Torino, sei anni dell’alzheimer caffè: 200 famiglie seguite, ma non basta
TORINO - Il primo ha aperto i battenti nella sede di un circolo per anziani in via Luserna di Rorà. Era il dicembre del 2010, e a Torino una struttura del genere non s’era mai vista: perché se dei malati la sanità sabauda riusciva bene o male a farsi carico, una risposta articolata al disagio vissuto dalle famiglie, fino ad allora, nessuno l’aveva realmente data. È per questo che nel capoluogo gli Alzheimer caffè hanno iniziato fin da subito a lavorare a pieno regime; dopo via Luserna sono arrivati via Tepice e via Guido Reni, mentre il numero delle strutture si andava moltiplicando anche nel resto della regione: la prima a Dronero nel 2011, l’ultima a Chivasso una manciata di mesi fa, per un totale di 25 centri, “che due anni fa, però - spiega Davide Gallo, psicoterapeuta e responsabile del caffè di via Luserna - erano soltanto 13, il che da un’idea di quanto questo genere di approccio si stia diffondendo a macchia d’olio sul territorio”.
Secondi gli ultimi dati della regione, al momento sarebbero più di 75mila i malati di Alzheimer presenti in Piemonte, a fronte di 600mila in Italia e 50 milioni nel resto del mondo. Dati alla mano, l’emergenza pare destinata a durare ancora a lungo: la “paziente zero” il dottor Alois Alzheimer la studiò esattamente un secolo fa: era il 1906, e ad oggi - nonostante gli almeno 200 farmaci testati - una cura efficace non è ancora stata trovata. Nel frattempo, ad ammalarsi hanno iniziato pure i caregiver, ovvero i familiari del malato o chi per loro se ne prende cura: la patologia in questo caso si chiama “burnout”, una violenta forma d’esaurimento nervoso che colpisce quanti, per professione o contingenza, devono farsi carico per lunghi periodi di malati gravi o non autosufficienti. È per loro che nel 1997, a Leida (Olanda), lo psicogeriatra Bère Miesen immaginò il primo Alzheimer caffè: un posto in cui ci si prendesse cura, in prima battuta, del caregiver, attraverso una serie di interventi psico-sociali tra i quali gruppi d’auto aiuto, assistenza per l’accesso ai servizi sanitari e assistenza temporanea al malato. “Abbiamo continui contatti con i responsabili dell’area anziani dei servizi sociali” continua Gallo. “Sono loro, il più delle volte, a inviarci le famiglie. Quando arrivano, molto spesso, devono farlo accompagnati dal paziente: e questo rende l’idea di quanto sia impegnativo prendersi cura di un malato di Alzheimer. In casi del genere, per la durante dell’incontro, il paziente viene seguito dai nostri volontari, che lo impegnano in attività ludico-ricreative volte, ad esempio, alla stimolazione cognitiva e all’orientamento spazio temporale. Nel frattempo, gli psicologi e il personale si occupano del caregiver”.

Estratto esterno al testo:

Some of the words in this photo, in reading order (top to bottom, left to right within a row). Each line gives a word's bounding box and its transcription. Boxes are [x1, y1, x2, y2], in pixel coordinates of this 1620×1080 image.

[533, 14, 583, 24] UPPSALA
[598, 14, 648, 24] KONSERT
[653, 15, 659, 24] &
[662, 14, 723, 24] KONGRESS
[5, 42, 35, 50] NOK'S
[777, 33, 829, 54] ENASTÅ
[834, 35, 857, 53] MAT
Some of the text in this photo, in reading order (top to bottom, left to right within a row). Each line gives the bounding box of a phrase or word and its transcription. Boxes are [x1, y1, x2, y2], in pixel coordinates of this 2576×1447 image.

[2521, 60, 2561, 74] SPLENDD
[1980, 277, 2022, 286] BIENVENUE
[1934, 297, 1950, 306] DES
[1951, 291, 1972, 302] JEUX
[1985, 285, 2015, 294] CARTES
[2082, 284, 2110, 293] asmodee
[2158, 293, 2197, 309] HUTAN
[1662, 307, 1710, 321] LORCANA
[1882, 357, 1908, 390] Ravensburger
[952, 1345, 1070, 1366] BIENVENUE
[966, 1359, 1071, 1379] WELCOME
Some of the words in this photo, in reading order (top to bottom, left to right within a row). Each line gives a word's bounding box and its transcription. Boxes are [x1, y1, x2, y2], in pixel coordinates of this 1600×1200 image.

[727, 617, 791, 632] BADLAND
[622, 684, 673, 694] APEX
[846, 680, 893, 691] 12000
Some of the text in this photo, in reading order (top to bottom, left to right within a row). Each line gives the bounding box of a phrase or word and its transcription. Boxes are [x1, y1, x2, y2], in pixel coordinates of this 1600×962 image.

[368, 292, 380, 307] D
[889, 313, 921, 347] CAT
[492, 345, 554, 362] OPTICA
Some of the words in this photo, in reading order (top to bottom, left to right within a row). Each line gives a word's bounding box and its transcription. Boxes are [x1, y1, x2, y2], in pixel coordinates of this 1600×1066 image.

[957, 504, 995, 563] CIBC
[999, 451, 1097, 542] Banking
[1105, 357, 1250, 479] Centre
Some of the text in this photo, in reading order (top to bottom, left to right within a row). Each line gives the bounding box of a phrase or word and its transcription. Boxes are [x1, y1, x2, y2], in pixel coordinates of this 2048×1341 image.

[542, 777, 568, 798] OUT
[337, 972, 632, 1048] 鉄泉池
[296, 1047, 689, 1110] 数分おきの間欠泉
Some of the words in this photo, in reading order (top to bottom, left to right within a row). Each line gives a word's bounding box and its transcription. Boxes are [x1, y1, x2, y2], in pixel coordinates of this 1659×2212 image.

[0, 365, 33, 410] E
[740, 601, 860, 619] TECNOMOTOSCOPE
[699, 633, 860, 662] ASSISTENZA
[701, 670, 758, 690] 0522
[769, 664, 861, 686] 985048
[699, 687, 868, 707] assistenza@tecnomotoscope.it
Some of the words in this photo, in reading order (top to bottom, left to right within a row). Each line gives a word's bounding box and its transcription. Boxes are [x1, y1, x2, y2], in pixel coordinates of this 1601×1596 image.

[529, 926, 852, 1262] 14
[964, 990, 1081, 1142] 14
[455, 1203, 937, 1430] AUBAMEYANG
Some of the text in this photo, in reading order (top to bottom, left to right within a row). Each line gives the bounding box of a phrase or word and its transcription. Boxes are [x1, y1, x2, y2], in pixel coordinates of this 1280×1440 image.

La scorsa settimana, l’Alzheimer caffè di via Luserna di Rorà, che il dottor Davide Gallo ha contribuito a fondare e dirigere, ha tagliato il traguardo dei sei anni di attività: “in questo lasso di tempo - continua Gallo - abbiamo seguito circa 200 famiglie. L’obiettivo è, in primo luogo, alleviare il loro livello di stress, che al momento dell’ingresso di solito è parecchio elevato. Anche gli interventi sul paziente sono finalizzati a questo; l’idea è evitare tassativamente di sostituirsi alla sanità, agendo sull’anziano solo in un’ottica che sia funzionale alla famiglia: cerchiamo di lavorare sui quei disturbi comportamentali collegati alla patologia che rappresentano il costo maggiore, in termini di energie, per il caregiver” Come questo si traduca nella realtà è presto detto: “abbiamo una famiglia - illustra Gallo - la cui madre non era quasi più in gradi fare nulla in autonomia. Col nostro aiuto è tornata, ad esempio, a usare le posate, sollevando i familiari dal compito di imboccarla a tavola. In questo modo, col tempo, osserviamo il livello di stress scendere a vista d’occhio”.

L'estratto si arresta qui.